### Goal of the exercise
Each record below should be output verbatim, without pictures.

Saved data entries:

----

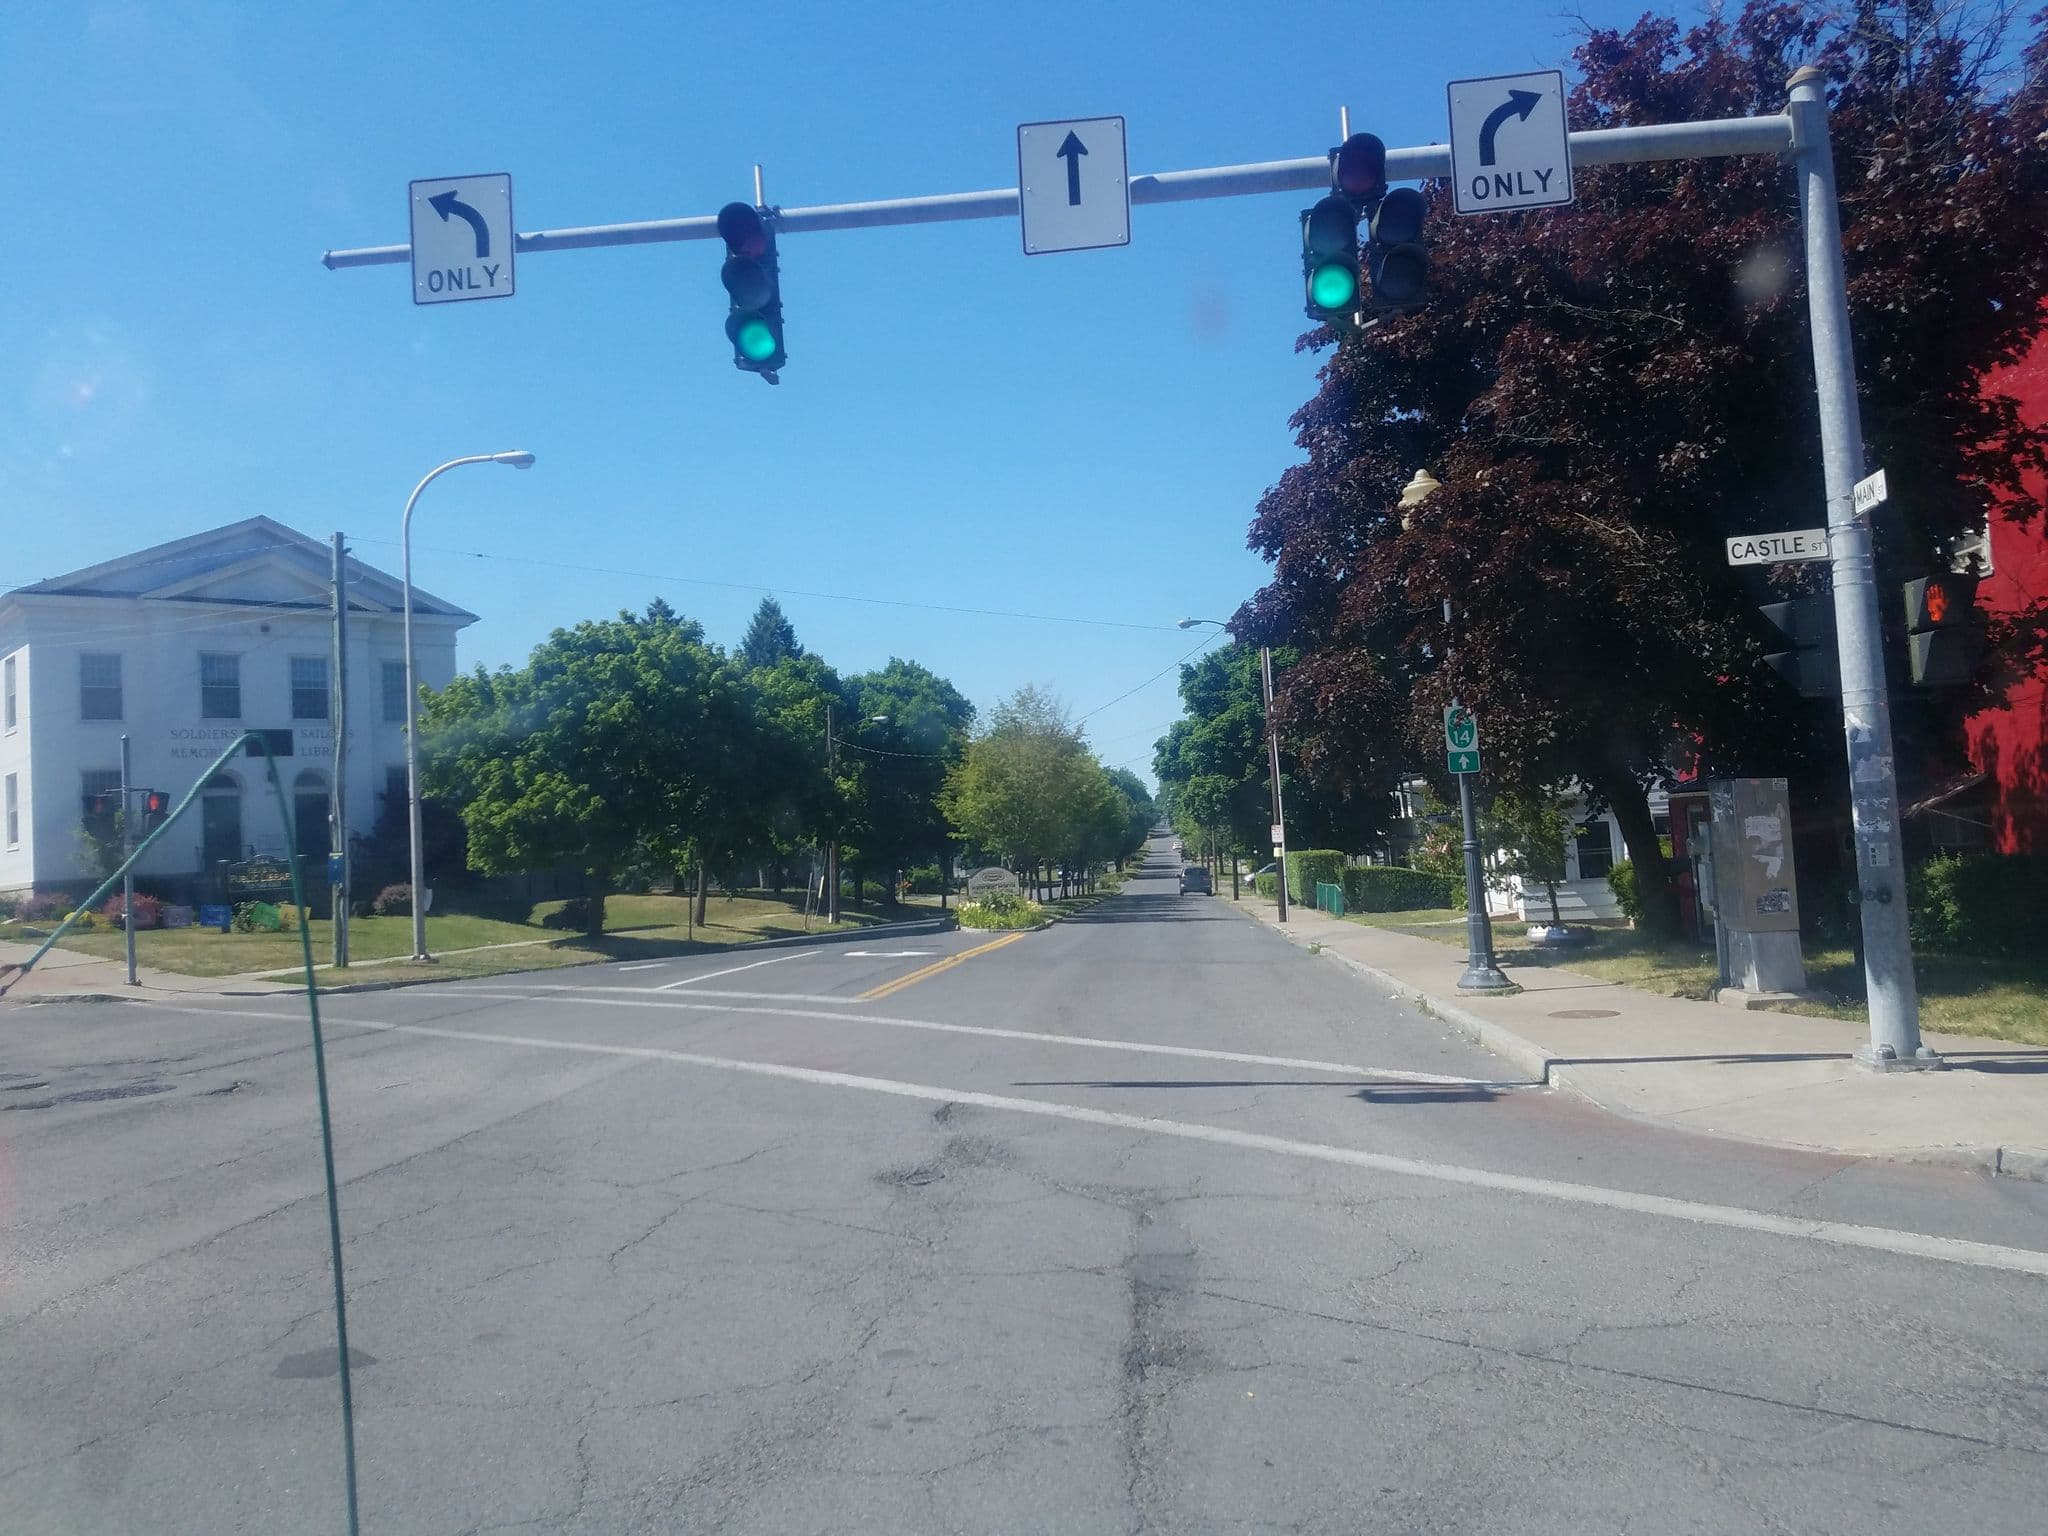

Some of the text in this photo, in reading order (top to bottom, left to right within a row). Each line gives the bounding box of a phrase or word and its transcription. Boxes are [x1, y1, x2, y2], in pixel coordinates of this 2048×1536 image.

[1472, 168, 1553, 200] ONLY
[428, 264, 500, 293] ONLY
[1855, 481, 1875, 505] MAIN
[1731, 536, 1823, 559] CASTLE ST
[170, 728, 354, 739] SOLDIERS SAILS
[1453, 729, 1470, 744] 14
[170, 746, 353, 758] MEMORIL LIBR
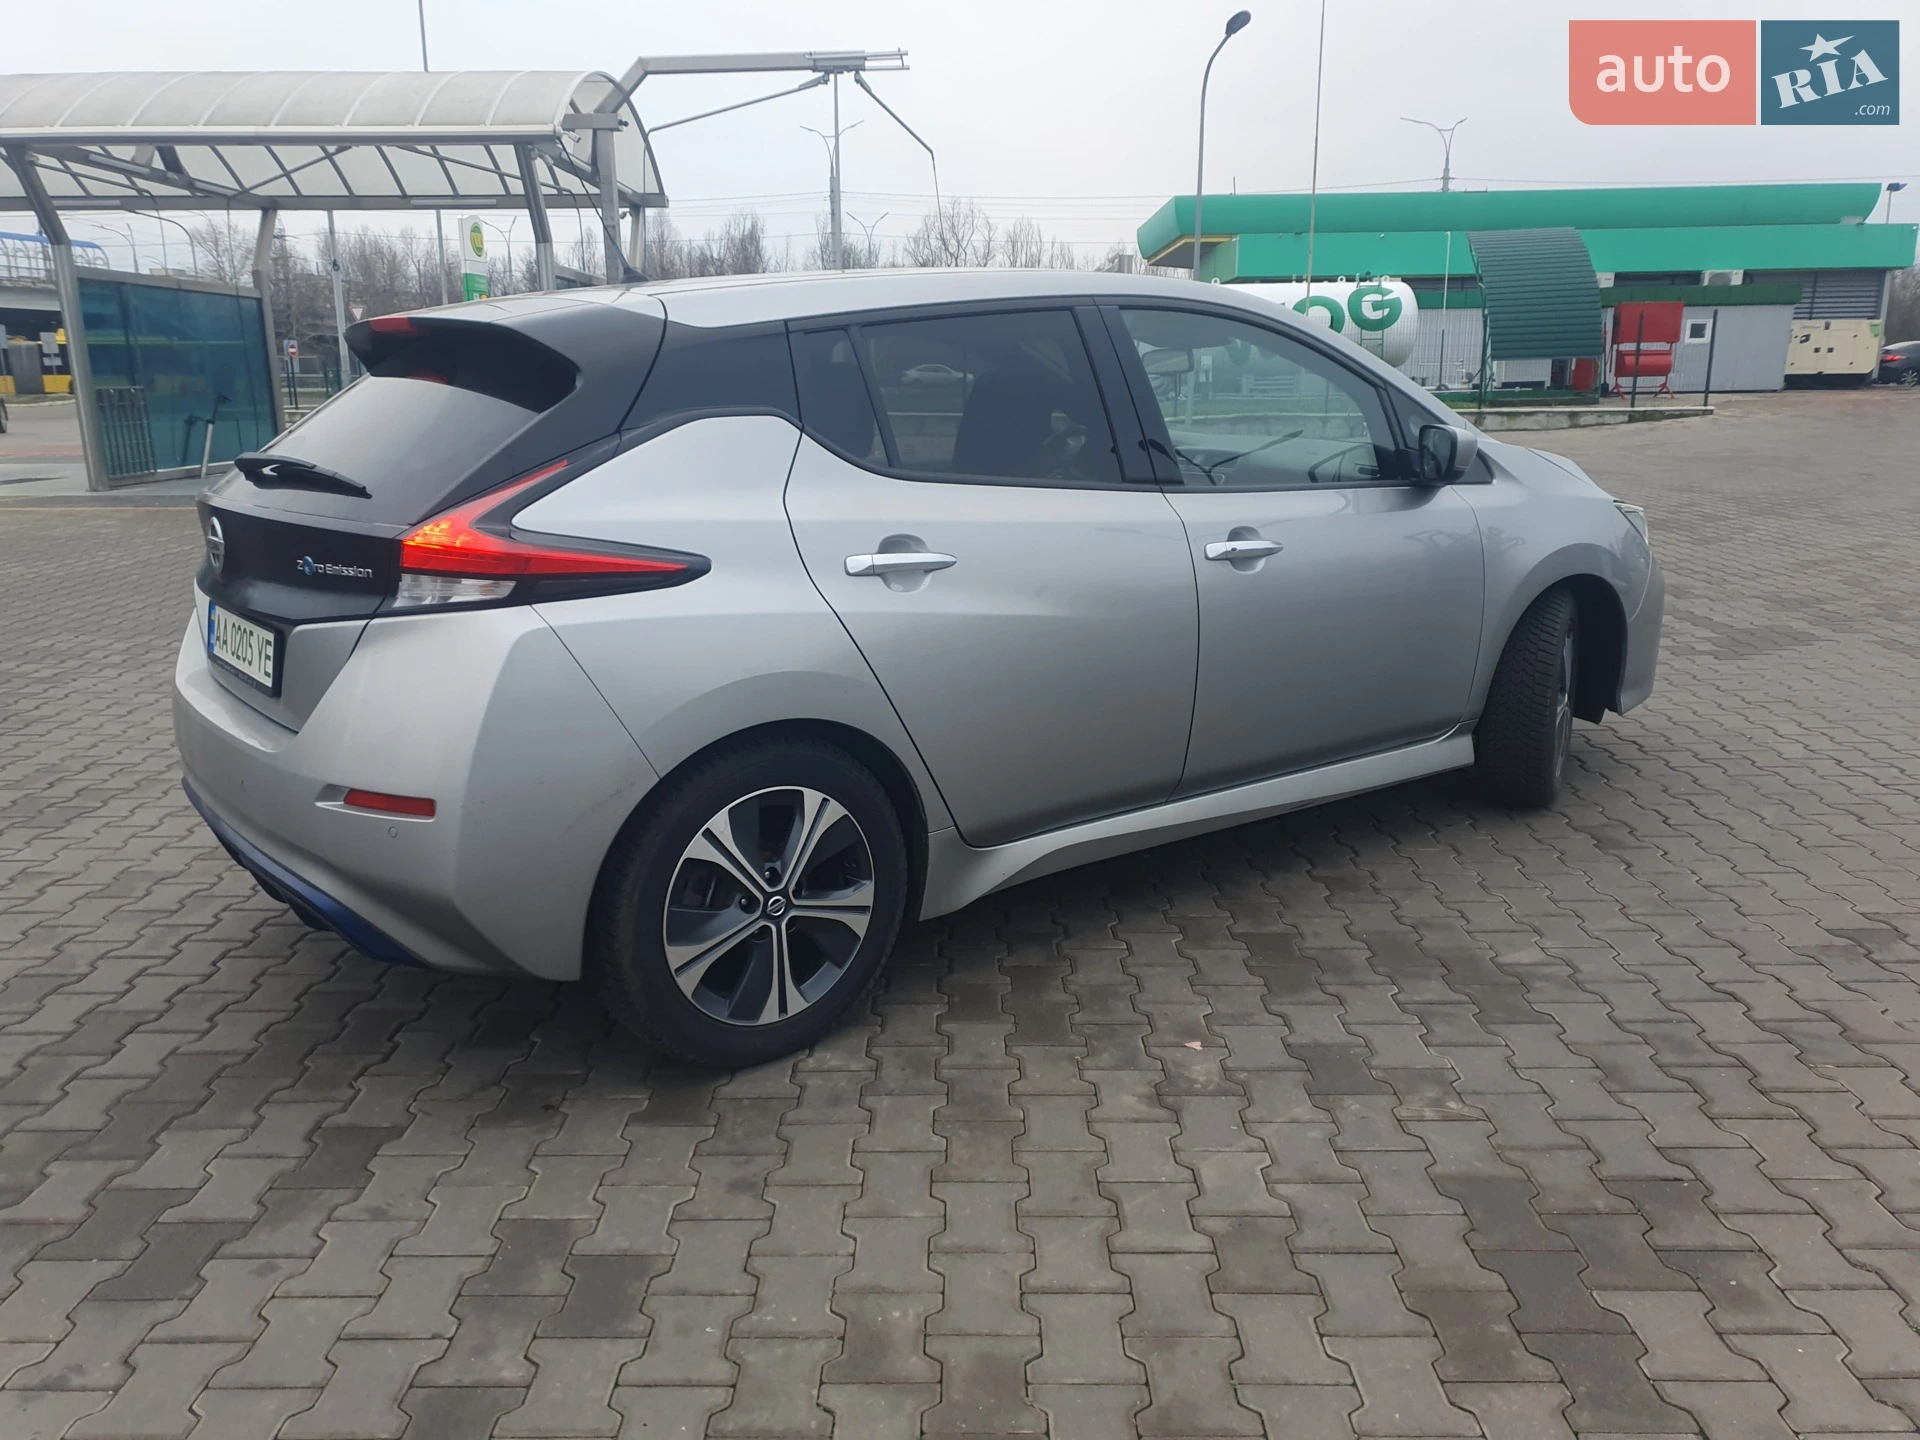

----

### Answer to this exercise
Some of the text in this photo, in reading order (top to bottom, left to right within a row). Each line gives the bounding box of a phrase or word and its transcription. Boxes are [x1, y1, x2, y2], in pixel coordinates of this 2048×1536 image.

[1472, 168, 1553, 200] ONLY
[428, 264, 500, 293] ONLY
[1855, 481, 1875, 505] MAIN
[1731, 536, 1823, 559] CASTLE ST
[170, 728, 354, 739] SOLDIERS SAILS
[1453, 729, 1470, 744] 14
[170, 746, 353, 758] MEMORIL LIBR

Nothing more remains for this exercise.